L’aria (B) Io sperai trovar nel vero è pesantemente rivista: da Adagio in SI minore si trasforma in un Larghetto in SOL maggiore, dal ritmo più mosso.

L’aria (B) Io vorrei due cori in seno viene trasposta da DO a SI minore ed accorciata, mantenendo soltanto il primo intervento di Bellezza ed espungendo quelli successivi di Disinganno e di Bellezza.

L’aria (D) Più non cura viene trasposta da SIb a DO maggiore.

L’aria (T) É ben folle quel nocchier viene completamente rimaneggiata: trasposta da 4/4 in SIb maggiore a 6/8 in MIb maggiore, e dotata di un ritmo più blando. 

Il Quartetto Voglio tempo per risolvere, dovendosi ora chiudere la seconda parte, viene completamente ristrutturato. La parte che rimane del quartetto (la prima) assume un tono e ritmo mesto (3/4) invece di quello agitatissimo (3/8) dell’originale, e si chiude sul verso ...ma il Consiglio è il tuo dolor.
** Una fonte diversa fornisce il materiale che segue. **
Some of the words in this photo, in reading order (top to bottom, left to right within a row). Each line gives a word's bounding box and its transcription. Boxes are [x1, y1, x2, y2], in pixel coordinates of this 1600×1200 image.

La restante parte (Pria che sii converta in Polve) viene rimpiazzata da un Coro, in FA maggiore.

La terza parte si apre con una Sinfonia e subito dopo il primo recitativo presenta una grande novità; una nuova versione dell’aria (P) Lascia la spina, veramente irriconoscibile rispetto all’originale. Il quale è basato sulla lenta sarabanda dell’Almira, mentre qui abbiamo una veloce giga (Allegro, 6/8).

Nella citata ricostruzione di Martini viene di seguito proposta una trascrizione per due clavicembali della sarabanda dell’Almira, seguita dalla versione originaria di Lascia la spina.
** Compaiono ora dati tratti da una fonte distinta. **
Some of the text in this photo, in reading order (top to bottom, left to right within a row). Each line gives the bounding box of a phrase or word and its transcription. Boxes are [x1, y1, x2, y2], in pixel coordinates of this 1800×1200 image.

L’aria (B) Voglio cambiar desio viene significativamente modificata nella melodia principale. 

L’aria (D) Che già fu del biondo crine viene trasposta da SOL a LA minore, con minime modifiche alla fine delle strofe. 

Completamente rivista Il bel pianto dell’aurora: originariamente un duetto (D-T) in LA minore, diventa un’aria per il solo Tempo, in SI minore.

L’aria (P) Come nembo che fugge viene profondamente modificata. Tempo (da 3/4 a 6/8) e ritmo cambiano completamente: da forsennati si addolciscono parecchio.

L’accompagnato (B) Pure del cielo viene assai modificato e ridotto ai soli tre versi finali (Or se la Verità).

L’aria (B) Tu del ciel ministro che chiude l’Oratorio nella versione originale, viene modificata assai, e non solo nel testo del primo verso (Quel del ciel ministro) ma anche nella melodia.

Ma una novità eclatante della versione 1737 riguarda proprio la conclusione dell’Oratorio: adesso non è più un progressivo spegnersi della musica a supportare, per così dire, l’ascensione di Bellezza nell’empireo; qui viene aggiunto un finale preso di peso dalla precedente (1733) Athalia – ah, gli imprestiti! - e costituito da un coro esultante (Alleluja!) Come si vede, una chiusura retorica e bombastica, che contraddice palesemente l’approccio originale... Per di più Martini, nella sua edizione, lo fa precedere – proprio come in Athalia – anche da un Concerto per organo (mutuato a sua volta dall’opus 292).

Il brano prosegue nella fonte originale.